The latest development from the Bionic Learning Network laboratories of Festo AG, Esslingen, Germany is the SmartBird, an autonomous, self-propelled biomechatronic bird that, just like its natural model – the herring gull – can take off, fly, and land all on its own. The robot is the result of an R&D project aimed at designing a machine that’s energy efficient and lightweight; uses high-power-density propulsion with high-speed flight controls; and has excellent aerodynamics and maneuverability.

 Resources 
SmartBird video, www.youtube.com/watch?v=nnR8fDW3Ilo
Bionic Handling Assistant, http://machinedesign.com/article/robot-imitates-an-elephant-s-trunk-0913
Festo, www.festo.com/us

The project has practical benefits, too, according to the company. Combining several electromechanical drives gives Festo engineers insights into industrial hybrid drives. The minimal use of materials and lightweight construction pave the way toward better resource management. And knowledge gained in aerodynamics and flow behavior provides important lessons for improving future generations of pneumatic cylinders and valves.

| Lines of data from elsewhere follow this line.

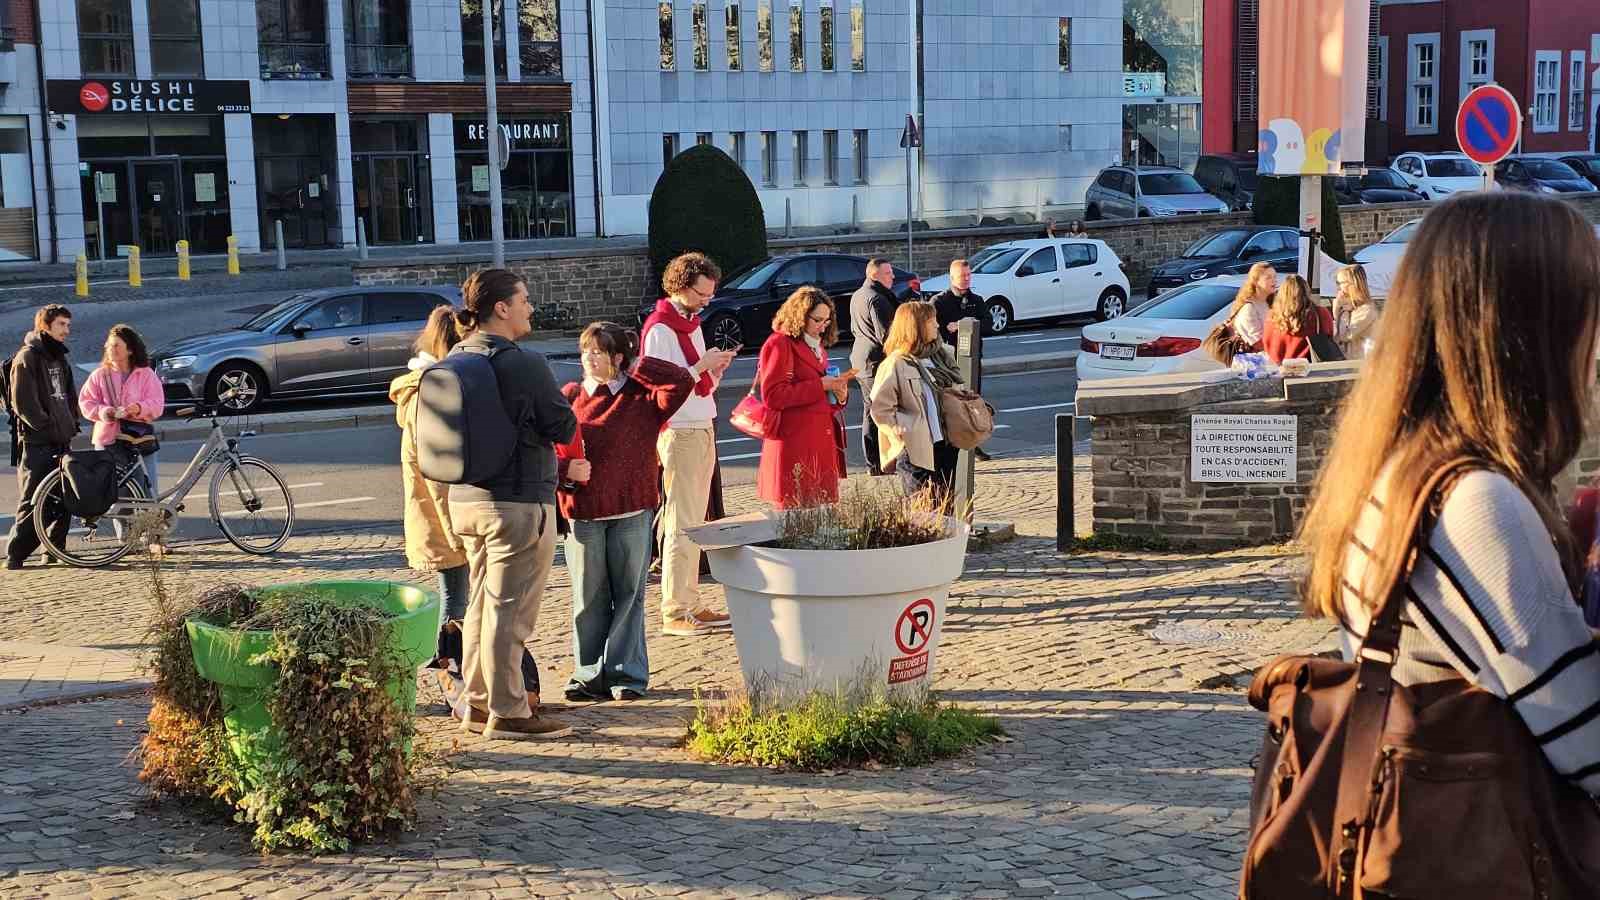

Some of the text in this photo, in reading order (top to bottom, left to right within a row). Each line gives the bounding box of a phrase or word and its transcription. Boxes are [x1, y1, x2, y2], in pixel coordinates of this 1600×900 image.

[112, 82, 193, 95] SUSHI
[112, 95, 195, 112] DÉLICE
[468, 123, 560, 140] REAURANT
[1196, 433, 1207, 441] LA
[1209, 433, 1254, 441] DIRECTION
[1195, 446, 1221, 454] TOUTE
[1201, 458, 1213, 466] EN
[1215, 458, 1233, 466] CAS
[1246, 470, 1287, 479] INCENDIE
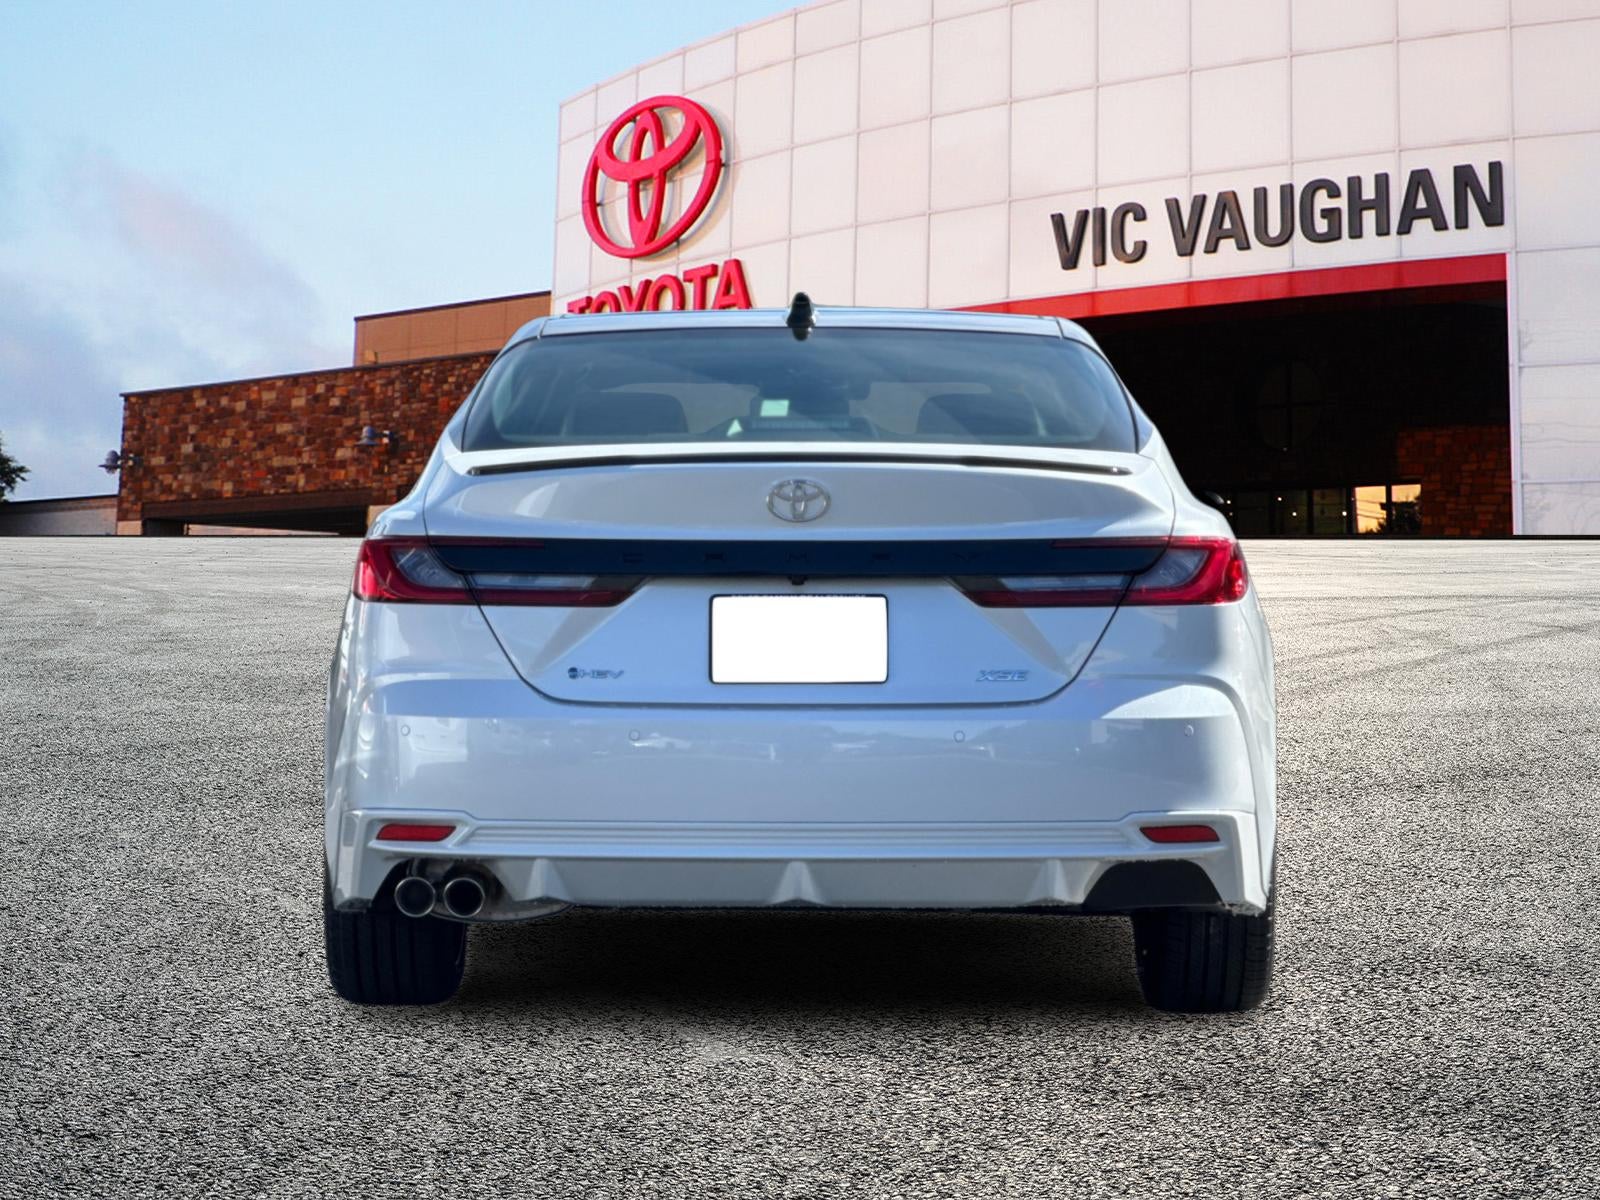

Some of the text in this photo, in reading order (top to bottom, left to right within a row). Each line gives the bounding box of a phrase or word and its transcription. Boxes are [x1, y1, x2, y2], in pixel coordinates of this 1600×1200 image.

[1051, 160, 1505, 270] VIC VAUGHAN
[976, 668, 1030, 682] XSE

According to Festo, the wing motion distinguishes SmartBird from previous mechanical flapping-wing constructions. Its wings not only beat up and down but also twist, made possible by an articulated torsional drive.

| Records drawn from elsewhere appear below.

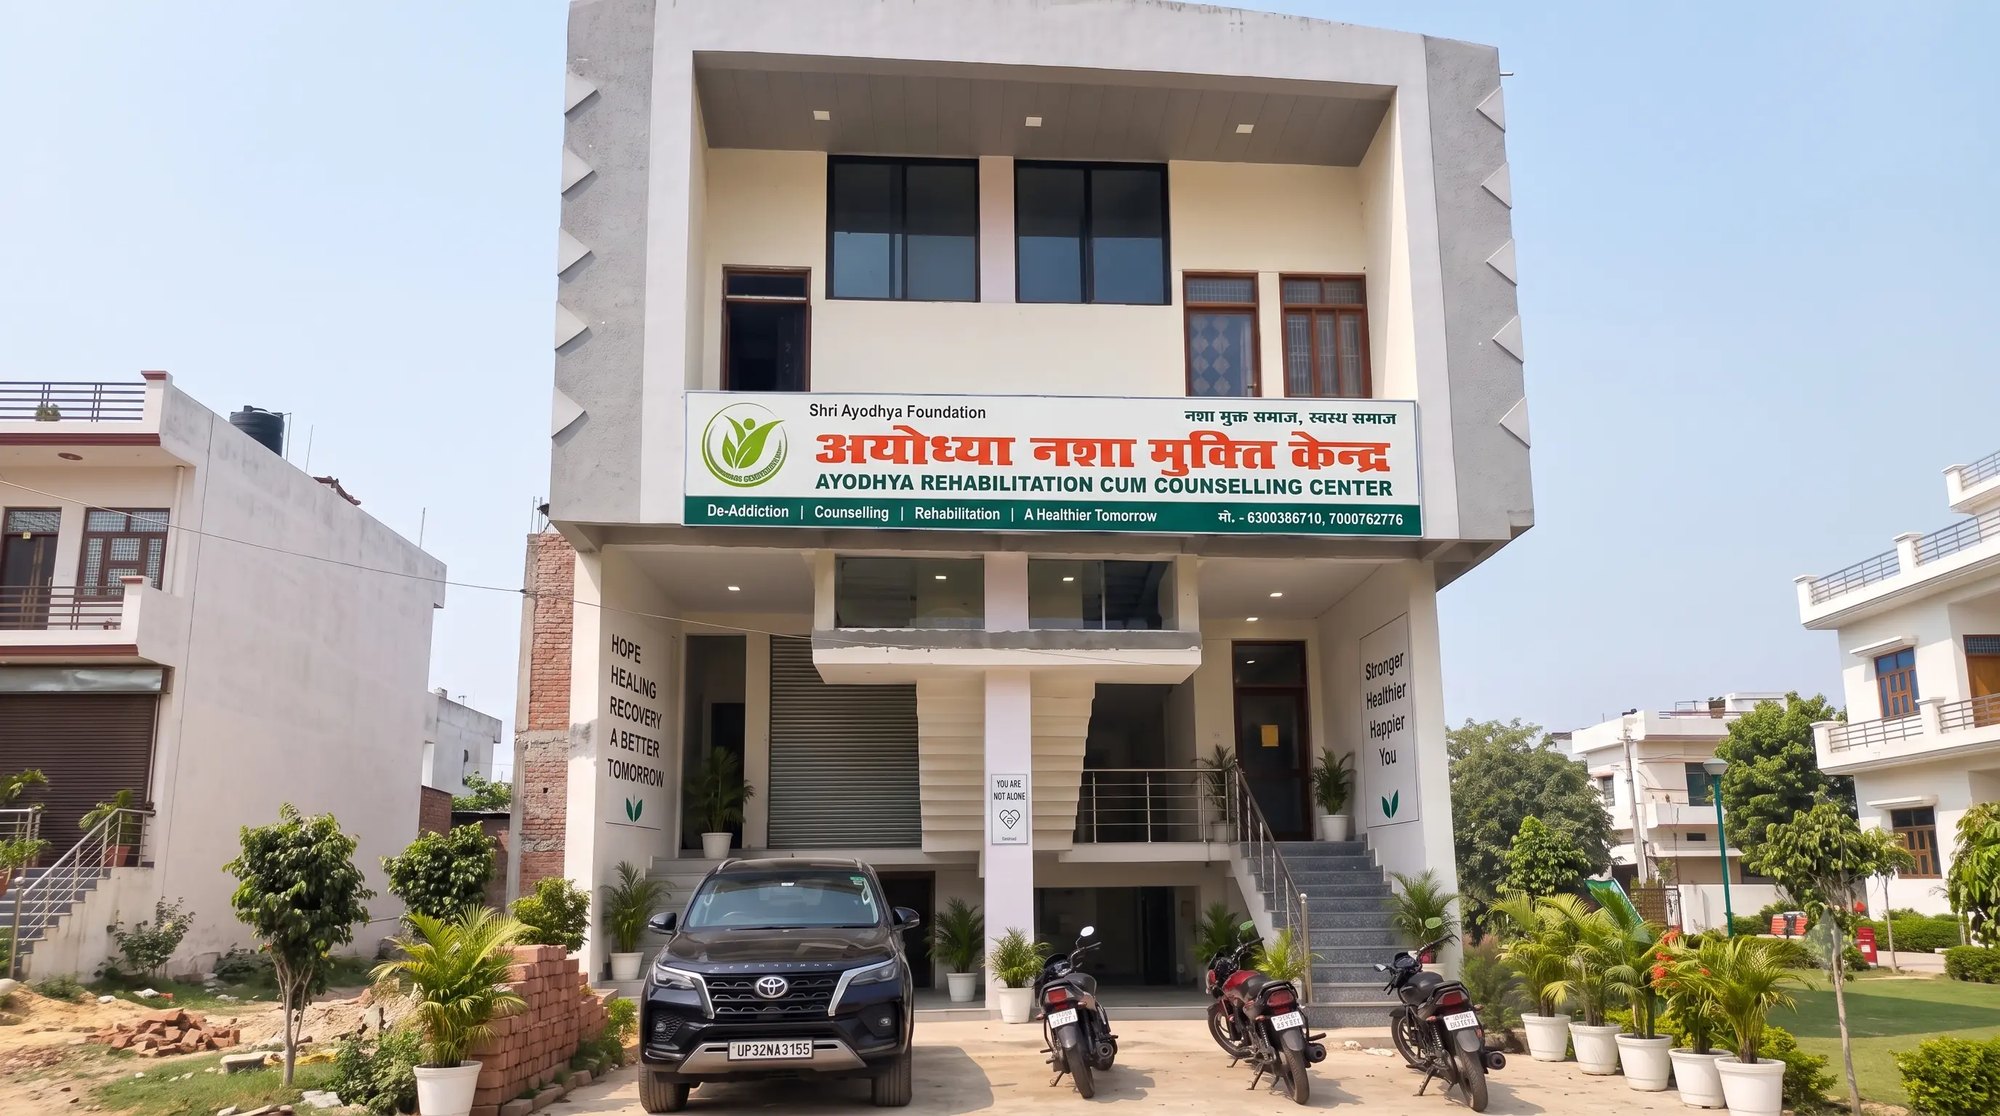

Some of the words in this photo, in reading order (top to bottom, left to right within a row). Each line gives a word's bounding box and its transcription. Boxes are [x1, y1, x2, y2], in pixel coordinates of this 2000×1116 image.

[810, 404, 838, 417] Shri
[841, 404, 902, 420] Ayodhya
[907, 406, 986, 419] Foundation
[1185, 410, 1214, 422] नशा
[1220, 411, 1248, 426] मुक्त
[1254, 411, 1303, 426] समाज,
[1309, 412, 1347, 424] स्वस्थ
[1353, 413, 1396, 424] समाज
[815, 425, 1016, 466] अयोध्या
[1030, 436, 1137, 467] नशा
[1148, 430, 1277, 477] मुक्ति
[1289, 431, 1390, 473] केन्द्र
[815, 474, 914, 491] AYODHYA
[920, 474, 1093, 493] REHABILITATION
[1101, 477, 1146, 493] CUM
[1154, 478, 1302, 495] COUNSELLING
[1310, 480, 1393, 496] CENTER
[707, 504, 789, 517] De-Addiction
[815, 506, 889, 521] Counselling
[915, 507, 1000, 520] Rehabilitation
[1024, 509, 1034, 520] A
[1036, 508, 1092, 522] Healthier
[1095, 509, 1157, 522] Tomorrow
[1247, 512, 1325, 526] 6300386710,
[1329, 513, 1403, 525] 7000762776
[612, 634, 641, 664] HOPE
[1366, 652, 1404, 681] Stronger
[610, 664, 657, 699] HEALING
[1366, 683, 1406, 710] Healthier
[609, 695, 662, 730] RECOVERY
[1370, 715, 1405, 741] Happier
[610, 728, 617, 747] A
[621, 730, 659, 758] BETTER
[1379, 748, 1396, 767] You
[608, 758, 664, 787] TOMORROW
[997, 780, 1008, 788] YOU
[1010, 780, 1021, 788] ARE
[994, 792, 1005, 801] NOT
[1007, 792, 1026, 801] ALONE
[738, 1043, 809, 1056] UP32NA3155

Each wing consists of a two-part arm spar with an axle bearing on the torso, a trapezoidal joint (used in larger forms on industrial excavators) with a 1:3 amplitude ratio, and a hand-wing spar. The arm wing generates lift, and the hand wing that extends beyond the trapezoidal joint provides propulsion.

Both inner and outer spars resist torsion. When SmartBird lifts its wings, an active-torsion servomotor twists the tips of the hand wings to a positive angle of attack, which changes to a negative angle in a fraction of a wing beat. This sequence of movements streamlines airflow along the wings and converts the power of the flapping wings into thrust.

The battery, engine and transmission, crank mechanism, and control electronics are housed in SmartBird’s torso. The rotor motor linked to a two-stage helical transmission with a 1:45 reduction ratio makes the wings beat up and down. This motor’s three Hall sensors precisely register wing position. A flexible link conveys both flapping and bending forces from the transmission to the hand wing. And the crank mechanism has no dead center, minimizing peak loads to ensure smooth flight.

Also, two electric motors and cables synchronize opposing movements of the head and torso, letting the bird bend aerodynamically and still maintain an even weight distribution. This makes SmartBird agile and maneuverable.

The tail also generates lift, acting as both an elevator controlling pitch and a rudder controlling yaw. When the bird flies straight, the V-configuration of the two flapping wings acts like a conventional aircraft’s vertical stabilizer. To turn, the tail tilts. Rotating the tail about the longitudinal axis produces a yaw moment about the vertical axis.

The on-board controller coordinates flapping and twisting and precisely controls wing torsion as a function of wing position. Two-way ZigBee radio communication conveys data such as wing parameters, battery charge, and power consumption to a ground station. It also handles external pilot commands.

Electronic controls and intelligent monitoring let the bird adjust wing movements in real time during flight and adapt to new situations within a fraction of a second. This ensures efficient flight. SmartBird weighs about 1 lb, has a wingspan of 6.5 ft, and only requires around 23 W of power. Electromechanical efficiency is around 45% and aerodynamic efficiency approaches 80%.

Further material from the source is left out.